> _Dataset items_
┏━━
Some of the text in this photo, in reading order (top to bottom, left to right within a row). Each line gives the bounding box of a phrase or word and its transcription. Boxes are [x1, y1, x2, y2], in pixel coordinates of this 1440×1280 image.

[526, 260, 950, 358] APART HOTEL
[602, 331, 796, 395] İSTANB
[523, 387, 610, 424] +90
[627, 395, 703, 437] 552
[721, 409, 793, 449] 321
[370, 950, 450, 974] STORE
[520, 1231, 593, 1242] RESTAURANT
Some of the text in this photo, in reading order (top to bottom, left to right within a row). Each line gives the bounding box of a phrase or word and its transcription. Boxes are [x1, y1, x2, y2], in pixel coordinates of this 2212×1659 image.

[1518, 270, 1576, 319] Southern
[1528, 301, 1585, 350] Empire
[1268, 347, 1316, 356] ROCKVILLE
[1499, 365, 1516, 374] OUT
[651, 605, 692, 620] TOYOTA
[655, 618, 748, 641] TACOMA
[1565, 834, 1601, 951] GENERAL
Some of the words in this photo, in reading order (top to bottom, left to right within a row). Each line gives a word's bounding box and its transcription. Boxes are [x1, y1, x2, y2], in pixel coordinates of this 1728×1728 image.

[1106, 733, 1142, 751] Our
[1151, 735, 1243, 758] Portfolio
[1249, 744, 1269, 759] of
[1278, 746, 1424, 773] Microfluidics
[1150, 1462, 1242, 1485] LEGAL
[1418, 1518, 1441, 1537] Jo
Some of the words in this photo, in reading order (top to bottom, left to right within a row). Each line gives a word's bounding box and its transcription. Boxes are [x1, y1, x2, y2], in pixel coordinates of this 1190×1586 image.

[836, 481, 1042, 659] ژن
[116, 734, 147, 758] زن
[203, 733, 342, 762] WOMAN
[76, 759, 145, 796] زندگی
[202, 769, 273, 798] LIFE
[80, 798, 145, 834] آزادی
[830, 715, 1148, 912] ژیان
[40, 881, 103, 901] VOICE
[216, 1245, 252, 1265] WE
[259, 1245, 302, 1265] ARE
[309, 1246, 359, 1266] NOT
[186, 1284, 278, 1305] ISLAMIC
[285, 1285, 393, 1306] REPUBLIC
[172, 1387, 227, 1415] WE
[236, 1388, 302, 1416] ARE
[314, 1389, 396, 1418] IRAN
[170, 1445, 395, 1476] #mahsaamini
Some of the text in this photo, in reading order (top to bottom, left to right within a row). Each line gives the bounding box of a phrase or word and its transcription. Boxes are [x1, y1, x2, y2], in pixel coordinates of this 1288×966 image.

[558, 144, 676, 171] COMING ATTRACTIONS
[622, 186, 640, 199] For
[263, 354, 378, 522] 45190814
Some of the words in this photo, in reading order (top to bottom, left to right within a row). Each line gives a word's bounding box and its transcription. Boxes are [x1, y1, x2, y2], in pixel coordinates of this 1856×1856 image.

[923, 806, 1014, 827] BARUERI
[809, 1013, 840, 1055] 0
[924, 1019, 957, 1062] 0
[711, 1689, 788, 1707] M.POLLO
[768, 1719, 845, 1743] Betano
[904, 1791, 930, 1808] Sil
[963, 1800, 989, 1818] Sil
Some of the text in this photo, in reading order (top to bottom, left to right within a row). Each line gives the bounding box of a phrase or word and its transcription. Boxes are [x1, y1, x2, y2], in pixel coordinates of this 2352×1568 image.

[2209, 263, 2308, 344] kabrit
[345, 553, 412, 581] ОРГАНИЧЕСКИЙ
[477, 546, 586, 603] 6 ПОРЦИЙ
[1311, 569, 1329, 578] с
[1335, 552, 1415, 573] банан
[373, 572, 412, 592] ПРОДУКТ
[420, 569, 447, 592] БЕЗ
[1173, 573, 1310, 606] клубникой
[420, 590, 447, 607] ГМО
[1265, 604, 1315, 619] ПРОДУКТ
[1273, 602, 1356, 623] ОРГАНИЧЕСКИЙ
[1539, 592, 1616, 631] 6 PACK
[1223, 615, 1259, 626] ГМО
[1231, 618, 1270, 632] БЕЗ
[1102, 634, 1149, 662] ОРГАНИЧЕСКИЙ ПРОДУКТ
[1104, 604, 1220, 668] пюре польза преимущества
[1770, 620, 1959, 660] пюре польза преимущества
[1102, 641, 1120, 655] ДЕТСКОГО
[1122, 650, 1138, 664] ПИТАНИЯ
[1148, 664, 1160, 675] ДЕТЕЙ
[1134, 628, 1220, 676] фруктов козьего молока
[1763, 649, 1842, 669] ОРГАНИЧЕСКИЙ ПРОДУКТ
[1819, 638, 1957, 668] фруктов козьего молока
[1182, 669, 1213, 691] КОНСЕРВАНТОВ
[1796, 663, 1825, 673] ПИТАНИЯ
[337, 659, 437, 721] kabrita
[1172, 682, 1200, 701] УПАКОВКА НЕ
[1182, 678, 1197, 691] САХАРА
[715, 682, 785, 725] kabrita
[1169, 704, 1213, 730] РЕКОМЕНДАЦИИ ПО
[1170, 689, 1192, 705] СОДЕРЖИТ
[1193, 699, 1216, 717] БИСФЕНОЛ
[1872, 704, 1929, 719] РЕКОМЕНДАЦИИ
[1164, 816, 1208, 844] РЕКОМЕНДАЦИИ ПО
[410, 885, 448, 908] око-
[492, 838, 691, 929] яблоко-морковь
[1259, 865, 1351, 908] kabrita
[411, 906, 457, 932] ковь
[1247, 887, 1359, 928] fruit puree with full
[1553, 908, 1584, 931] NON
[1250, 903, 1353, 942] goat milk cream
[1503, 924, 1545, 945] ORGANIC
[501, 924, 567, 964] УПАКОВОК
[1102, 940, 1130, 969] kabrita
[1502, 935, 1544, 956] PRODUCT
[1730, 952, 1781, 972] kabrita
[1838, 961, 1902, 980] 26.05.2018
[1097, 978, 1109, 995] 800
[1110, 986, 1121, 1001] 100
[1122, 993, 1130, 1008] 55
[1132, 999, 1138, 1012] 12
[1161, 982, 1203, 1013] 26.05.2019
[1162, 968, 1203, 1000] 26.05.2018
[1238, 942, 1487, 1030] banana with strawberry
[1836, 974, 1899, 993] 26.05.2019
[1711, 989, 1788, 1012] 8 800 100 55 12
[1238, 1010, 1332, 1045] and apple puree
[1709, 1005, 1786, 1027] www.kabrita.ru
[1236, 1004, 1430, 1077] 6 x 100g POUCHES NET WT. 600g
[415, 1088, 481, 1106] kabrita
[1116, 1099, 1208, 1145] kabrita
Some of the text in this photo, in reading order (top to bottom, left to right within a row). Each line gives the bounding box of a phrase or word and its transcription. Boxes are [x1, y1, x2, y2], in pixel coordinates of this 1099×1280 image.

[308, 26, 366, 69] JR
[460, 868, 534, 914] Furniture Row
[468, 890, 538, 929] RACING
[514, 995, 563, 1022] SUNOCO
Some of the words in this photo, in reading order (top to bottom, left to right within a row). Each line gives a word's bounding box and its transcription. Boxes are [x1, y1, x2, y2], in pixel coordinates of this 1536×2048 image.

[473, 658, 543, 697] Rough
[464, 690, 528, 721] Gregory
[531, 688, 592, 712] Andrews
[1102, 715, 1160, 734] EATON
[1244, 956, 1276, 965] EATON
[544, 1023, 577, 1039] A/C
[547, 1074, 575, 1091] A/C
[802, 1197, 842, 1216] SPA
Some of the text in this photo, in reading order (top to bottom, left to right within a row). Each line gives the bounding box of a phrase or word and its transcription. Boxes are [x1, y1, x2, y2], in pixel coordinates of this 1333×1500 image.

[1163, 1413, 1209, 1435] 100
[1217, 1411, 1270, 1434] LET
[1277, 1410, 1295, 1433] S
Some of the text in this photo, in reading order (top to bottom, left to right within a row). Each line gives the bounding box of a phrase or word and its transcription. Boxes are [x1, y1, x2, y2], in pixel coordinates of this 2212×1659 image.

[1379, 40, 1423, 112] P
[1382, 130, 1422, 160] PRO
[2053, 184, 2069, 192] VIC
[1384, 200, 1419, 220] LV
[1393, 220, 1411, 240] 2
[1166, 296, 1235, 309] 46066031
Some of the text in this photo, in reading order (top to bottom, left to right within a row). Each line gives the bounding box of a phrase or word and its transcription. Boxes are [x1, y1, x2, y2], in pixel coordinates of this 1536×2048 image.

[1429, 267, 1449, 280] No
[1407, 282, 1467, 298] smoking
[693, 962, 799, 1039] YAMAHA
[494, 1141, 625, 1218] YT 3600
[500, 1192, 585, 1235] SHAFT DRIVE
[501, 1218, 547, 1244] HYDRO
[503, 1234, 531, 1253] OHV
┗━━
> _Exercise details_
Write out exactly the final stretch of the records: the line containing "this 1333×1500 image." and every line after it, through the last, and nothing else.

> _Result of this task_
Some of the text in this photo, in reading order (top to bottom, left to right within a row). Each line gives the bounding box of a phrase or word and its transcription. Boxes are [x1, y1, x2, y2], in pixel coordinates of this 1333×1500 image.

[1163, 1413, 1209, 1435] 100
[1217, 1411, 1270, 1434] LET
[1277, 1410, 1295, 1433] S
Some of the text in this photo, in reading order (top to bottom, left to right within a row). Each line gives the bounding box of a phrase or word and its transcription. Boxes are [x1, y1, x2, y2], in pixel coordinates of this 2212×1659 image.

[1379, 40, 1423, 112] P
[1382, 130, 1422, 160] PRO
[2053, 184, 2069, 192] VIC
[1384, 200, 1419, 220] LV
[1393, 220, 1411, 240] 2
[1166, 296, 1235, 309] 46066031
Some of the text in this photo, in reading order (top to bottom, left to right within a row). Each line gives the bounding box of a phrase or word and its transcription. Boxes are [x1, y1, x2, y2], in pixel coordinates of this 1536×2048 image.

[1429, 267, 1449, 280] No
[1407, 282, 1467, 298] smoking
[693, 962, 799, 1039] YAMAHA
[494, 1141, 625, 1218] YT 3600
[500, 1192, 585, 1235] SHAFT DRIVE
[501, 1218, 547, 1244] HYDRO
[503, 1234, 531, 1253] OHV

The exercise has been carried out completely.